The most common reactive arthritis treatment involves the use of non-steroidal, anti-inflammatory drugs (NSAIDs), such as aspirin and prescription drugs. NSAIDs block release of the chemical that triggers pain and inflammation. Several types of these drugs exist and work differently on different people. They may cause stomach bleeding in some people.

When NSAIDs prove ineffective, a doctor might recommend corticosteroid shots into the affected joint. This form of reactive arthritis treatment typically includes three injections to ease severe pain. Corticosteroid creams and lotions applied to the joint might also help ease inflammation and heal any sores that develop.

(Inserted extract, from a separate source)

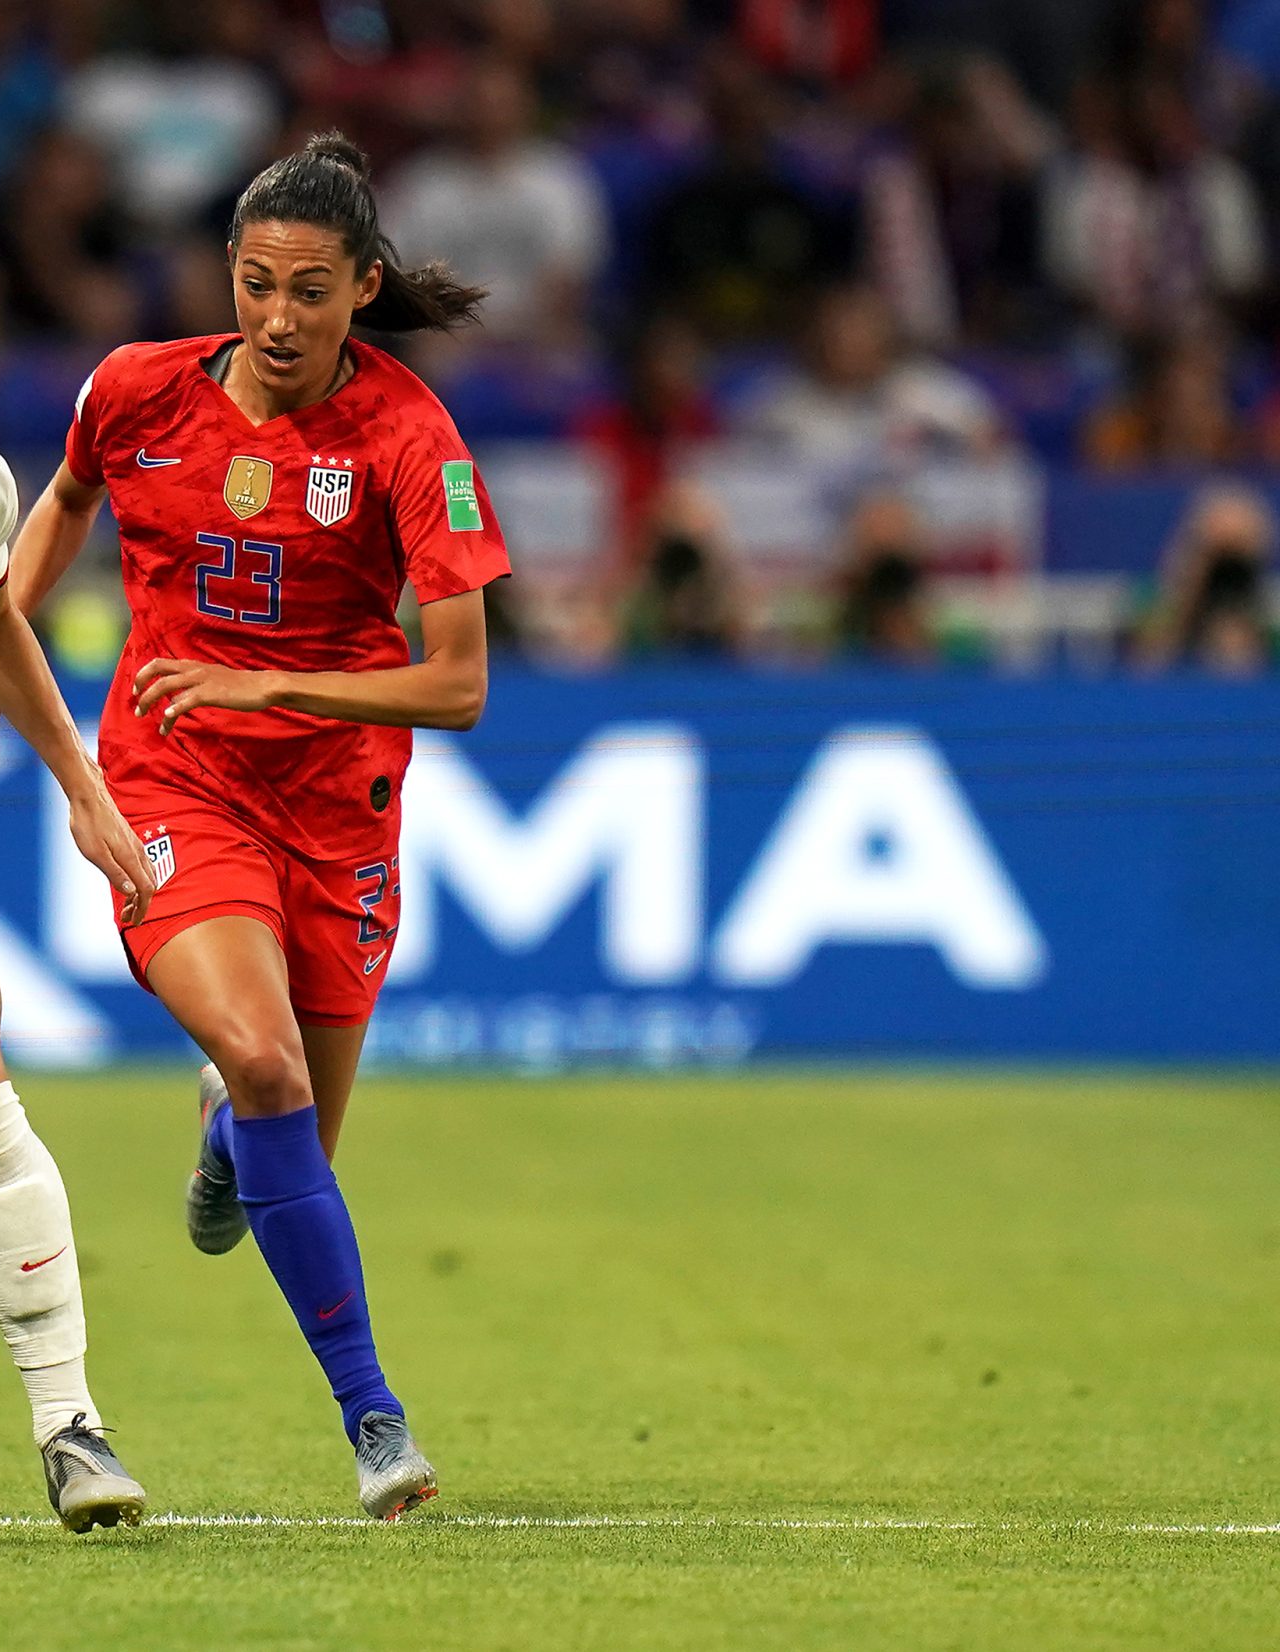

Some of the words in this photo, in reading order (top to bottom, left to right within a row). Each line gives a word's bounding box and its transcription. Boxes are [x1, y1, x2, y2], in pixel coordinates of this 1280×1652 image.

[312, 471, 349, 494] USA
[235, 494, 256, 505] FIFA
[195, 531, 283, 625] 23
[146, 840, 168, 863] SA

Most cases of reactive arthritis stem from chlamydia, a bacterium that enters the body through sexual contact. The body’s immune system reacts to fight the foreign substance, causing swelling, pain, and redness in joints. Doctors commonly advise antibiotic reactive arthritis treatment to attack the bacteria causing symptoms. Immunosuppressive drugs usually represent a last resort when all other forms of treatment fail.

When chlamydia causes joint pain, symptoms typically appear in the urogential tract and are spread by sexual contact with an infected person. Men might notice a discharge from the penis or a painless ulcer on its tip. The prostate might become inflamed, leading to frequent urination that burns. In women, the infection might arise in the fallopian tubes, cervix, urethra, or vagina. Men and women typically develop pain in the feet, ankles, and knees when tendons surrounding these joints become irritated.

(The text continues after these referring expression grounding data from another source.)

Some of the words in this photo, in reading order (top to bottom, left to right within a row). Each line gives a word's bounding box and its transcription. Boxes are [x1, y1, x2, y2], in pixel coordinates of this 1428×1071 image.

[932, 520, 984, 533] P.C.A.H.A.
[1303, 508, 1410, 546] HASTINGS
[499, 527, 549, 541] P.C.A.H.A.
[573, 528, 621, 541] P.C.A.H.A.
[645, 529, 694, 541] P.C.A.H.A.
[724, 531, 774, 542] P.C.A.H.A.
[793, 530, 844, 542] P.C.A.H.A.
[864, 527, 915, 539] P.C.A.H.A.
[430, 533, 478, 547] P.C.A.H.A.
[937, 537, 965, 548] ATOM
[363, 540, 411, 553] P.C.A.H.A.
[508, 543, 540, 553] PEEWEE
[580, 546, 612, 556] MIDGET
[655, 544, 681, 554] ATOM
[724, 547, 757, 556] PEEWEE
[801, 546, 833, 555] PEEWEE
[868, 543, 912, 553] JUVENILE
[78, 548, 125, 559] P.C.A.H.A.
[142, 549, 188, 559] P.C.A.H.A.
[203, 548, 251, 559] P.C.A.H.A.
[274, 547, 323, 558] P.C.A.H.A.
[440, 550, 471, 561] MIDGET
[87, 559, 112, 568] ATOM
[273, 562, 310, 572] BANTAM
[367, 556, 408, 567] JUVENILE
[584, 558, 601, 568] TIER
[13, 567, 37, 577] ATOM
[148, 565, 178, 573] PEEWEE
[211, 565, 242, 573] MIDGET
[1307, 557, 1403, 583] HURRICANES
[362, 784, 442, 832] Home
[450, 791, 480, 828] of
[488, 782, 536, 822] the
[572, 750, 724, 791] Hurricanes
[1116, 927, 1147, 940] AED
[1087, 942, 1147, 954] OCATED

Other symptoms appear in the eyes, which might become red and painful. Some patients report blurred vision as a symptom of the disorder. Rarely, patients notice bumps on the palms of their hands and soles of their feet. Ulcers might also appear in the mouth, but generally go unnoticed because they produce no pain.

The disorder might also affect the intestinal tract after eating tainted food or handling meat improperly. Salmonella is one of several types of bacteria linked to reactive arthritis causing joint pain. Gastrointestinal infection sparking the disorder is treated with drugs and is not contagious.

Some doctors recommend exercise as reactive arthritis treatment to strengthen muscles supporting joints. Exercise might reduce stiffness and pain in some patients. Swimming and water aerobics might be particularly effective because these exercises can be done without placing stress on joints.